Литмир - Электронная Библиотека
Содержание  
A
A

К нам в комнату, за неимением места в общежитии сестер, попросилась фельдшерица Вера Эйслер. Крупная, не первой молодости, здоровая, интеллигентная, приветливая. У нас было еще одно место, мы ее приняли и скоро сдружились. Теперь нас была не «тройка», а «четверка». Она имела прекрасный голос — меццо-сопрано — и очень хорошо пела русские песни. Особенно хорошо у нее получалась, и она ее любила, песня «Матушка-голубушка…». Так за ней и осталось прозвище Матушка-Голубушка. У нас в комнате стоял хороший рояль, и мы часто, в свободные от работы часы, развлекались: Вера пела, я ей аккомпонировала, а за дверью нашей комнаты собирались обитатели лазарета, слушали. Иногда я играла соло на рояле, и из палат собирались раненые, слушали, просили еще играть и даже приносили мне ноты.

Так мы и жили, дружно. Прошло некоторое время. И вот однажды приходит доктор Трейман и говорит, обращаясь ко мне: «Вы поработали и заслужили отдых. Сестра Лисицкая и вы можете воспользоваться отпуском». Мы с Вавой были очень довольны возможностью проехаться домой, но не придали значения такому вниманию. Мы попросили и за Линочку, и это было разрешено. Вера не могла воспользоваться отпуском, так как фельдшериц было всего две на весь госпиталь, к тому же она недавно поступила и никаких «заслуг» за ней не числилось. Так мы втроем и уехали. Лина поехала в станицу Кавказскую, где временно проживала ее мама, а я и Вава поехали сначала к ней домой в станицу Тихорецкую, где у нее была старшая сестра — врач, и младшая, еще гимназистка. Погостив немного у Вавы (семья ее произвела на меня хорошее впечатление, и мне даже жаль было с ними расставаться), мы поехали в Ростов к моей семье. Мои родные и знакомые встретили нас радостно. Моя родная сестра Маруся была за хозяйку дома, брат Сережа, малыш, учился, а другой брат, Анатолий, шестнадцати лет, ушел добровольцем.
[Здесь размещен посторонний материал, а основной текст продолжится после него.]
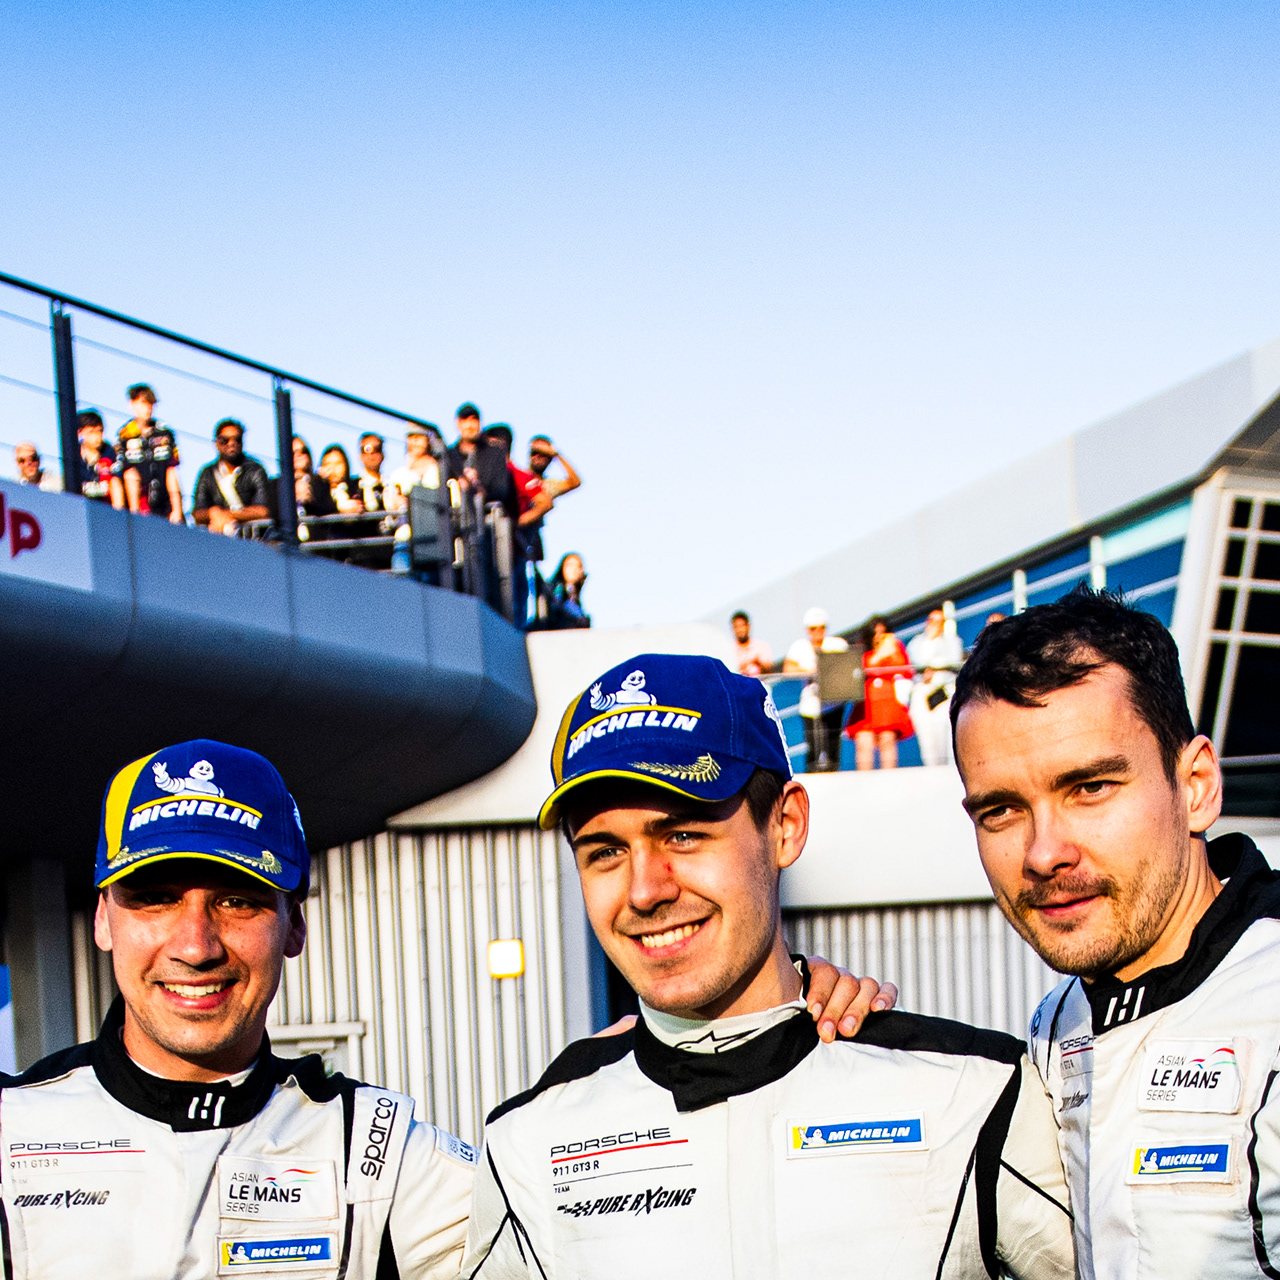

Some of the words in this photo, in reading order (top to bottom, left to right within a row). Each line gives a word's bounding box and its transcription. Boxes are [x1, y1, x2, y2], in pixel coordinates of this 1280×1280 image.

[567, 711, 699, 759] MICHELIN
[129, 799, 262, 831] MICHELIN
[1157, 1055, 1186, 1067] ASIAN
[1150, 1069, 1171, 1087] LE
[1173, 1070, 1221, 1089] MANS
[1146, 1089, 1176, 1102] SERIES
[361, 1096, 399, 1181] sparco
[828, 1126, 910, 1142] MICHELIN
[10, 1138, 131, 1153] PORSCHE
[551, 1127, 671, 1158] PORSCHE
[10, 1159, 29, 1169] 911
[31, 1159, 50, 1168] GT3
[53, 1158, 60, 1167] R
[1159, 1152, 1219, 1167] MICHELIN
[552, 1164, 570, 1177] 911
[572, 1160, 591, 1174] GT3
[593, 1159, 600, 1171] R
[231, 1172, 259, 1183] ASIAN
[229, 1184, 249, 1200] LE
[254, 1188, 302, 1203] MANS
[554, 1185, 570, 1194] TEAM
[13, 1193, 49, 1208] PURE
[225, 1201, 260, 1214] SERIES
[590, 1193, 629, 1216] PURE
[250, 1244, 322, 1259] MICHELIN
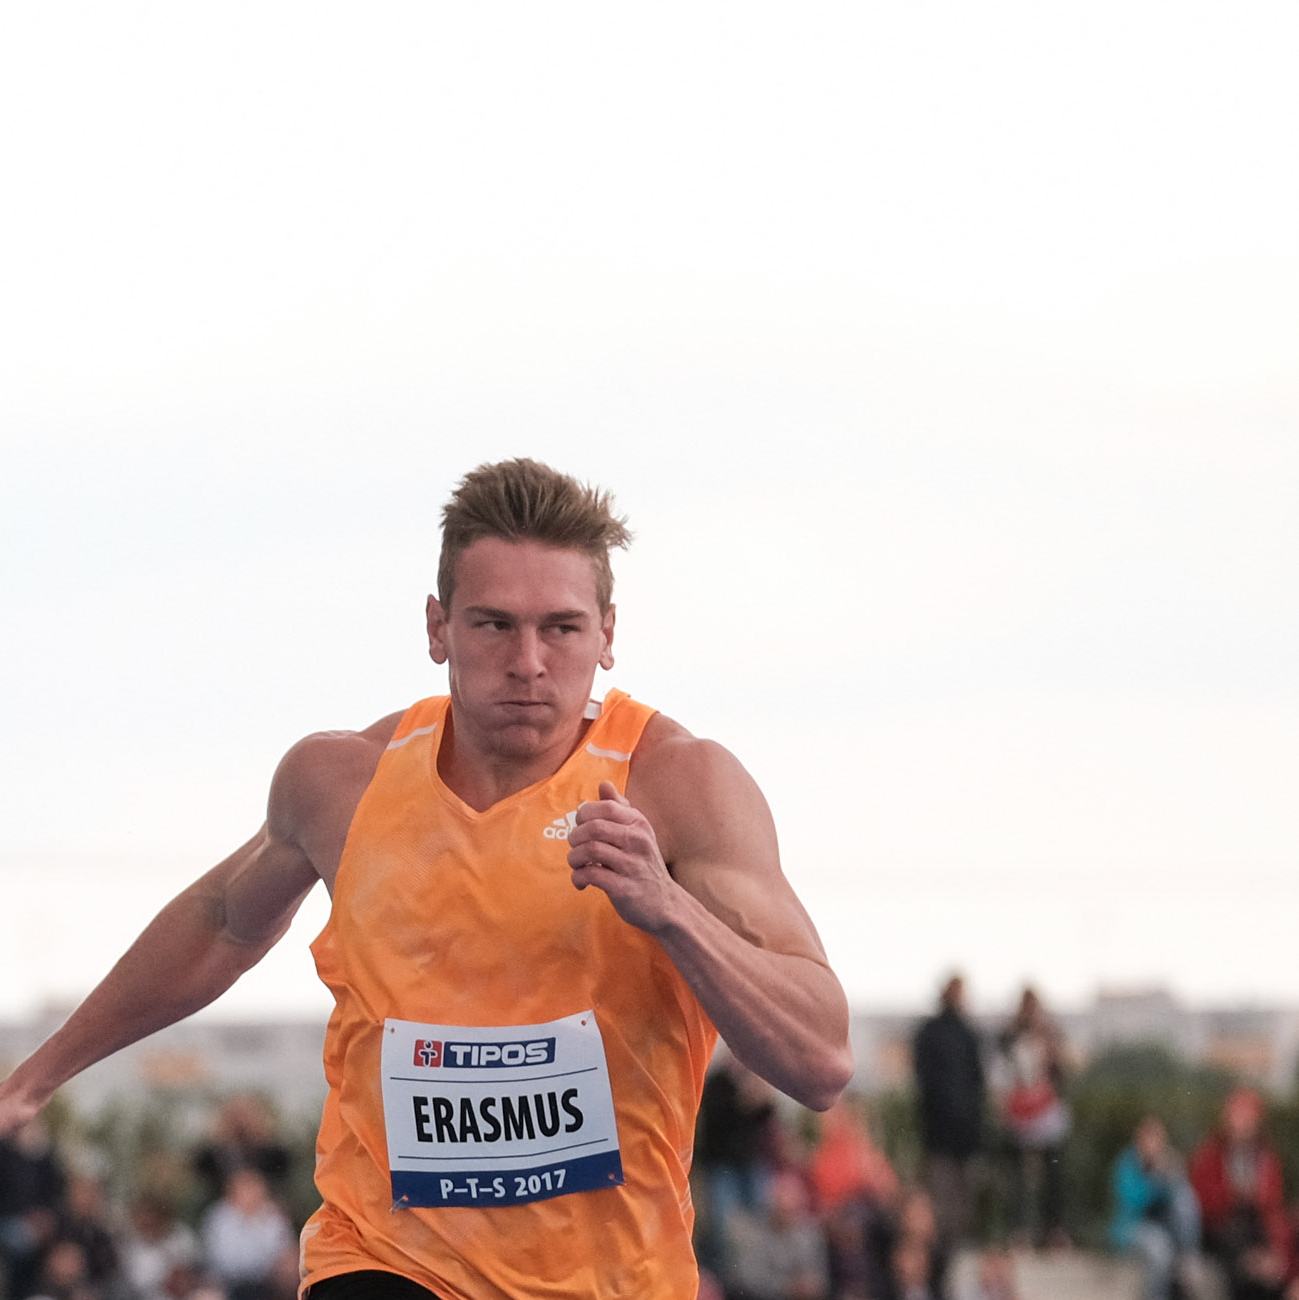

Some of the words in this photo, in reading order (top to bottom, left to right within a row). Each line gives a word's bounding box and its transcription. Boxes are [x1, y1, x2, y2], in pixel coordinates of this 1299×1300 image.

Наши обрадовались, что я смогла их так скоро снова посетить. Ведь никакие письма не шли ни туда, ни оттуда, и они ничего обо мне не знали.

В Ростове жизнь кипела по-прежнему, войны не чувствовалось. Кафе и рестораны были полны военной и штатской публикой. Много было беженцев из России. Кто был с капиталами, старался выбраться за границу. На Садовой улице в районе «Чашки чаю» и кондитерской Филиппова народу всегда было много, как на гулянье.

Посетила свою подругу детства Нину Костанди, которая за время моего отсутствия вышла замуж. Мы с ней раньше часто проводили время у нее или у ее старшей сестры Нади, которая была замужем за донским помещиком Безугловым. Жили они в Ростове, а в имении оставались родители.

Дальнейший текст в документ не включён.